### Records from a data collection
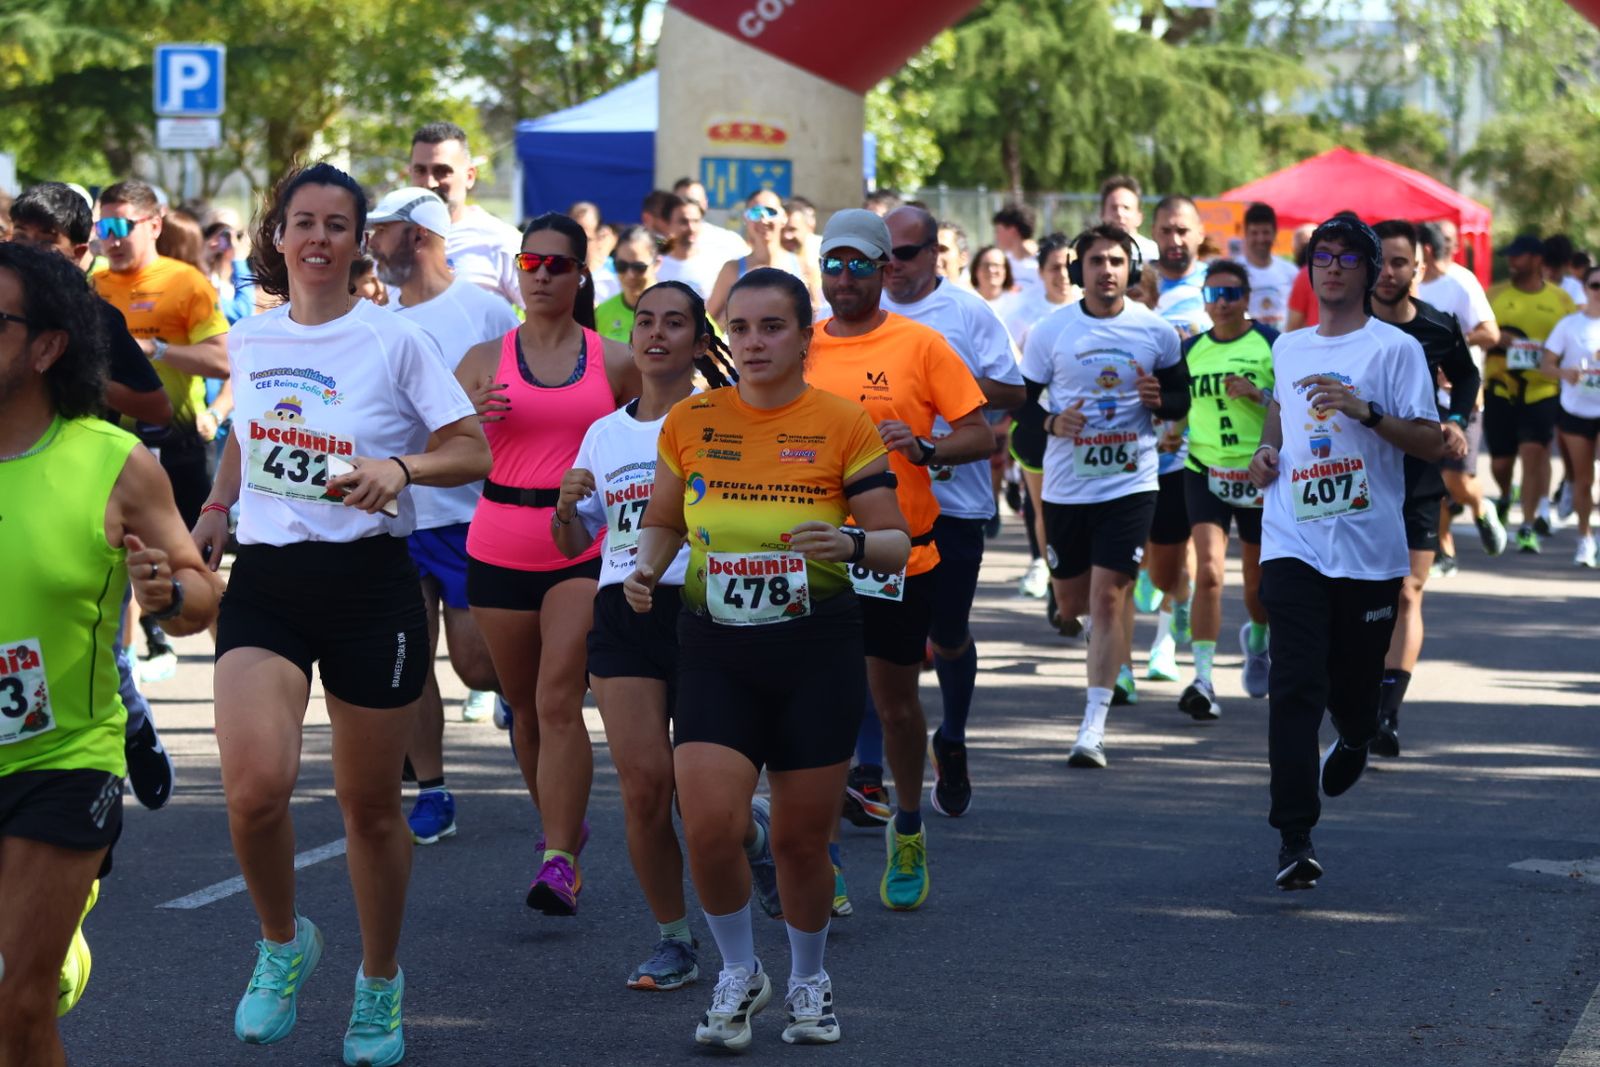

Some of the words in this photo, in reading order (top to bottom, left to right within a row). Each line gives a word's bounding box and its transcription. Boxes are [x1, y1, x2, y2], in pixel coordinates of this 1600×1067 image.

[167, 53, 210, 112] P
[255, 368, 293, 379] carrera
[293, 368, 336, 389] solidaria
[255, 380, 272, 390] CEE
[273, 379, 299, 389] Reina
[250, 421, 353, 456] bedunia
[1074, 432, 1137, 446] bedunia
[1084, 444, 1128, 467] 406
[1292, 457, 1364, 484] bedunia
[709, 480, 763, 491] ESCUELA
[1219, 480, 1258, 499] 386
[1303, 474, 1353, 506] 407
[722, 492, 815, 505] SALMANTINA
[709, 555, 804, 577] bedunia
[724, 576, 791, 609] 478
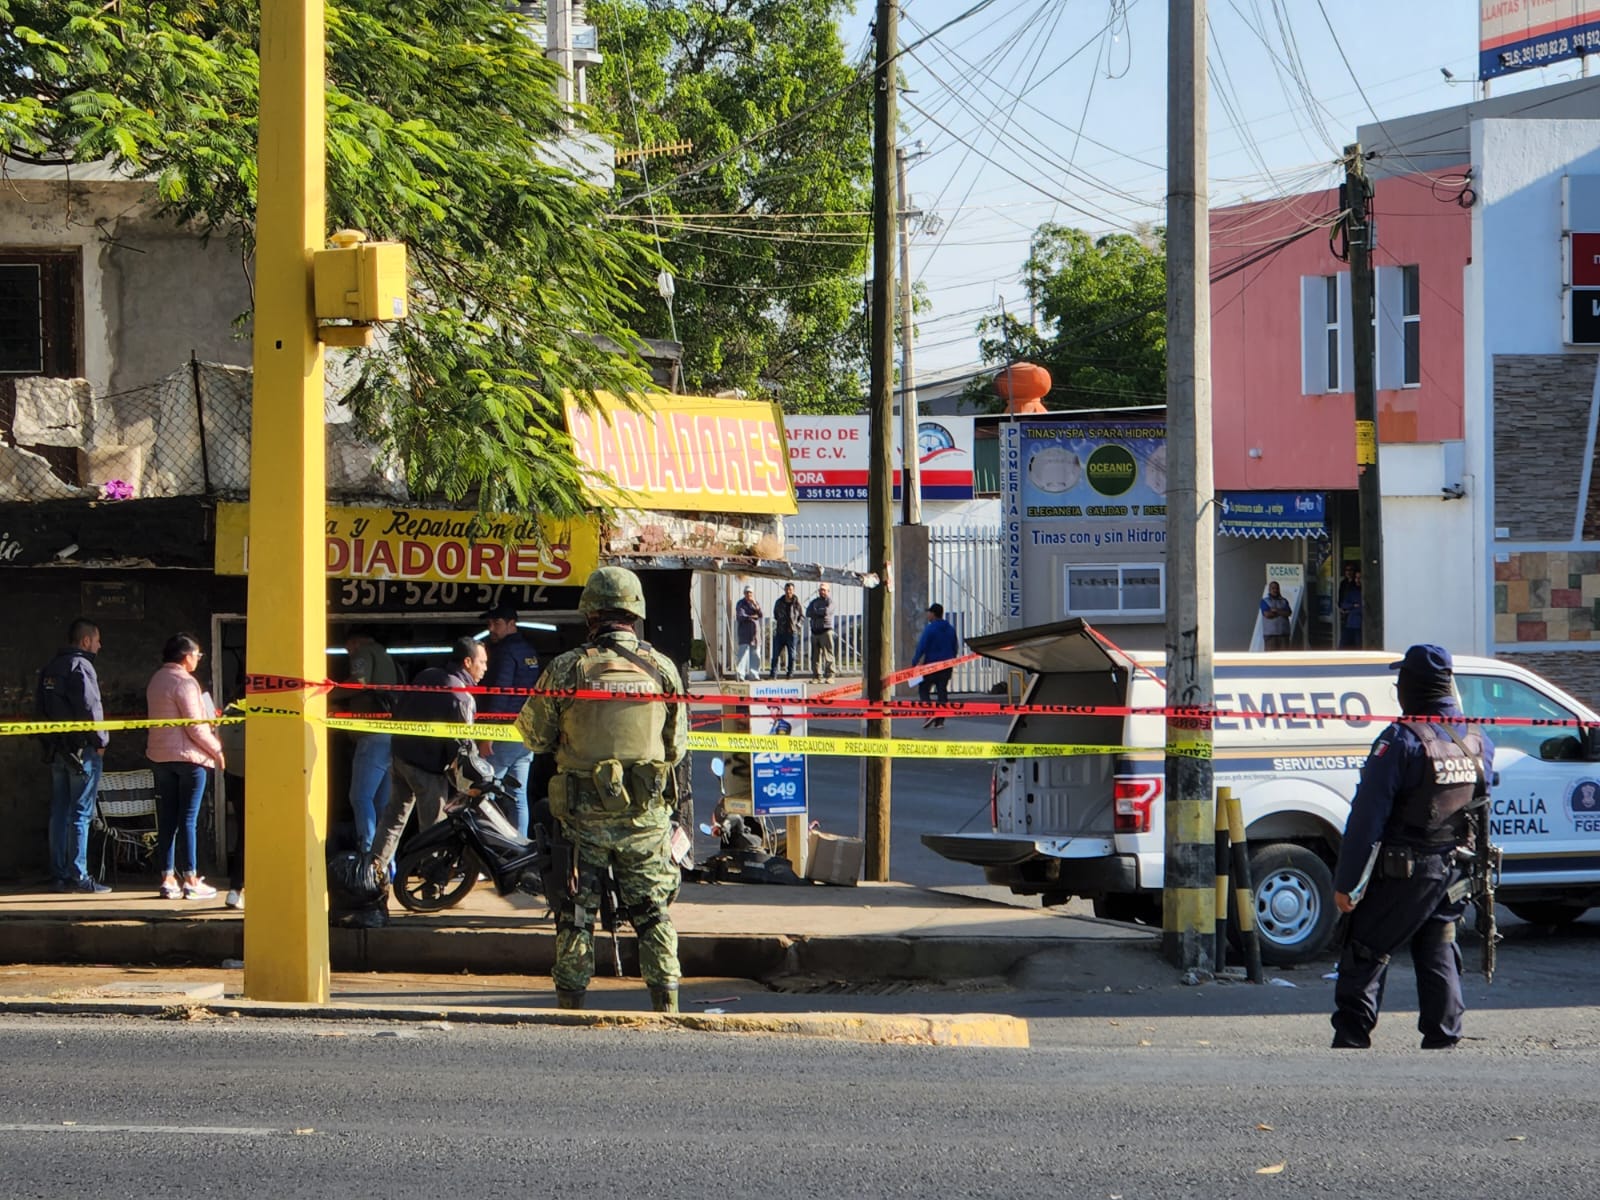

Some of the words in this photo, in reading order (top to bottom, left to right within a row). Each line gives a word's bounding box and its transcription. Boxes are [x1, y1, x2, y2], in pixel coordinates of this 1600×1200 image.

[837, 428, 859, 440] DE
[568, 406, 789, 498] RADIADORES
[790, 447, 811, 459] DE
[816, 447, 847, 459] C.V.
[1007, 428, 1019, 516] PLOMERIA
[1089, 463, 1133, 473] OCEANIC
[806, 488, 823, 498] 351
[825, 488, 841, 498] 512
[844, 488, 855, 498] 10
[857, 487, 868, 498] 56
[1027, 506, 1082, 517] ELEGANCIA
[1086, 506, 1128, 517] CALIDAD
[1131, 506, 1139, 517] Y
[349, 517, 370, 537] y
[1032, 530, 1067, 545] Tinas
[1069, 532, 1091, 544] con
[1095, 532, 1101, 546] y
[1104, 528, 1123, 543] sin
[1008, 521, 1021, 617] GONZALEZ
[1269, 566, 1300, 577] OCEANIC
[756, 686, 799, 696] infinitum
[728, 736, 779, 751] PRECAUCION
[788, 739, 835, 752] PRECAUCION
[844, 742, 889, 753] PRECAUCION
[897, 743, 939, 754] PRECAUCION
[1273, 757, 1346, 771] SERVICIOS
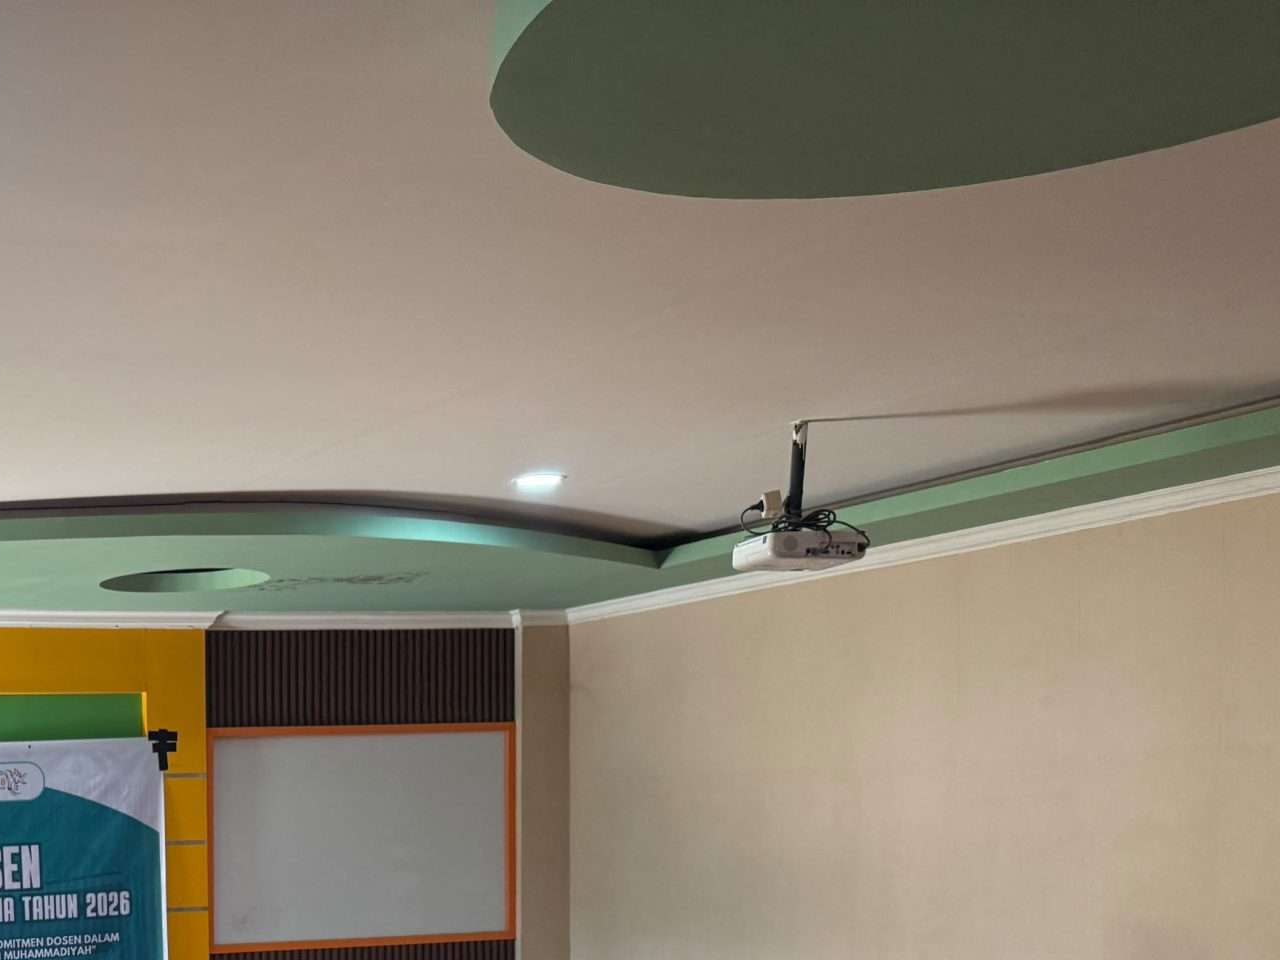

### Problem to work on
Please transcribe the entries precisely and omit any images they hold.

### Answer box
Some of the words in this photo, in reading order (top to bottom, left to right within a row). Each line gives a word's bounding box and its transcription. Boxes are [x1, y1, x2, y2], in pixel coordinates of this 1600×1067 image.

[167, 53, 210, 112] P
[255, 368, 293, 379] carrera
[293, 368, 336, 389] solidaria
[255, 380, 272, 390] CEE
[273, 379, 299, 389] Reina
[250, 421, 353, 456] bedunia
[1074, 432, 1137, 446] bedunia
[1084, 444, 1128, 467] 406
[1292, 457, 1364, 484] bedunia
[709, 480, 763, 491] ESCUELA
[1219, 480, 1258, 499] 386
[1303, 474, 1353, 506] 407
[722, 492, 815, 505] SALMANTINA
[709, 555, 804, 577] bedunia
[724, 576, 791, 609] 478

Some of the words in this photo, in reading order (top to bottom, left to right within a row). Each line gives a word's bounding box and its transcription. Boxes are [x1, y1, x2, y2], in pixel coordinates of this 1600×1200 image.

[837, 428, 859, 440] DE
[568, 406, 789, 498] RADIADORES
[790, 447, 811, 459] DE
[816, 447, 847, 459] C.V.
[1007, 428, 1019, 516] PLOMERIA
[1089, 463, 1133, 473] OCEANIC
[806, 488, 823, 498] 351
[825, 488, 841, 498] 512
[844, 488, 855, 498] 10
[857, 487, 868, 498] 56
[1027, 506, 1082, 517] ELEGANCIA
[1086, 506, 1128, 517] CALIDAD
[1131, 506, 1139, 517] Y
[349, 517, 370, 537] y
[1032, 530, 1067, 545] Tinas
[1069, 532, 1091, 544] con
[1095, 532, 1101, 546] y
[1104, 528, 1123, 543] sin
[1008, 521, 1021, 617] GONZALEZ
[1269, 566, 1300, 577] OCEANIC
[756, 686, 799, 696] infinitum
[728, 736, 779, 751] PRECAUCION
[788, 739, 835, 752] PRECAUCION
[844, 742, 889, 753] PRECAUCION
[897, 743, 939, 754] PRECAUCION
[1273, 757, 1346, 771] SERVICIOS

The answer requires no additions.